** Opening INPUT block **
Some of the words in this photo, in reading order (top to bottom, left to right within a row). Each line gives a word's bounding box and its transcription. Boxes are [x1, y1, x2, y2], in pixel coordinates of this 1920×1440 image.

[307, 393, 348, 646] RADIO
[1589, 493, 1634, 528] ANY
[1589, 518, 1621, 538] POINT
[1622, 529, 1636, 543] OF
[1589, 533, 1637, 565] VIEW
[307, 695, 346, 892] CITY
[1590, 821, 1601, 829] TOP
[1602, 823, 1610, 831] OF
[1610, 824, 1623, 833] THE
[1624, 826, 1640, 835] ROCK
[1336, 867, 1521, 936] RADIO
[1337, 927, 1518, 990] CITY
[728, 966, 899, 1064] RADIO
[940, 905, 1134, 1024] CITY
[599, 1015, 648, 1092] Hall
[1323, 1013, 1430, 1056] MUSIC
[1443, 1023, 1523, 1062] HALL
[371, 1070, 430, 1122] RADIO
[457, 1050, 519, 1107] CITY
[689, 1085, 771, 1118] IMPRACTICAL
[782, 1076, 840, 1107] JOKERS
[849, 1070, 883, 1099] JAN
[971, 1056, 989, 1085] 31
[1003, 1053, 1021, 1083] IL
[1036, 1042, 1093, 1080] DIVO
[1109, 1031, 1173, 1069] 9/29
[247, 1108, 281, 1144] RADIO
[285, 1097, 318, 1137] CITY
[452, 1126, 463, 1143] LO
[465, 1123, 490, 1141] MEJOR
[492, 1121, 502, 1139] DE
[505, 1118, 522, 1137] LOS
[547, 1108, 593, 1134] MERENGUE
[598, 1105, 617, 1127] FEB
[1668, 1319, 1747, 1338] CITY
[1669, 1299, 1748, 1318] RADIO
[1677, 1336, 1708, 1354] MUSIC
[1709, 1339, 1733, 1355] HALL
** Closing INPUT block **
TASK DIRECTIONS
Without skipping anything, transcribe every line above exactly.

EXERCISE RESPONSE
Some of the words in this photo, in reading order (top to bottom, left to right within a row). Each line gives a word's bounding box and its transcription. Boxes are [x1, y1, x2, y2], in pixel coordinates of this 1920×1440 image.

[307, 393, 348, 646] RADIO
[1589, 493, 1634, 528] ANY
[1589, 518, 1621, 538] POINT
[1622, 529, 1636, 543] OF
[1589, 533, 1637, 565] VIEW
[307, 695, 346, 892] CITY
[1590, 821, 1601, 829] TOP
[1602, 823, 1610, 831] OF
[1610, 824, 1623, 833] THE
[1624, 826, 1640, 835] ROCK
[1336, 867, 1521, 936] RADIO
[1337, 927, 1518, 990] CITY
[728, 966, 899, 1064] RADIO
[940, 905, 1134, 1024] CITY
[599, 1015, 648, 1092] Hall
[1323, 1013, 1430, 1056] MUSIC
[1443, 1023, 1523, 1062] HALL
[371, 1070, 430, 1122] RADIO
[457, 1050, 519, 1107] CITY
[689, 1085, 771, 1118] IMPRACTICAL
[782, 1076, 840, 1107] JOKERS
[849, 1070, 883, 1099] JAN
[971, 1056, 989, 1085] 31
[1003, 1053, 1021, 1083] IL
[1036, 1042, 1093, 1080] DIVO
[1109, 1031, 1173, 1069] 9/29
[247, 1108, 281, 1144] RADIO
[285, 1097, 318, 1137] CITY
[452, 1126, 463, 1143] LO
[465, 1123, 490, 1141] MEJOR
[492, 1121, 502, 1139] DE
[505, 1118, 522, 1137] LOS
[547, 1108, 593, 1134] MERENGUE
[598, 1105, 617, 1127] FEB
[1668, 1319, 1747, 1338] CITY
[1669, 1299, 1748, 1318] RADIO
[1677, 1336, 1708, 1354] MUSIC
[1709, 1339, 1733, 1355] HALL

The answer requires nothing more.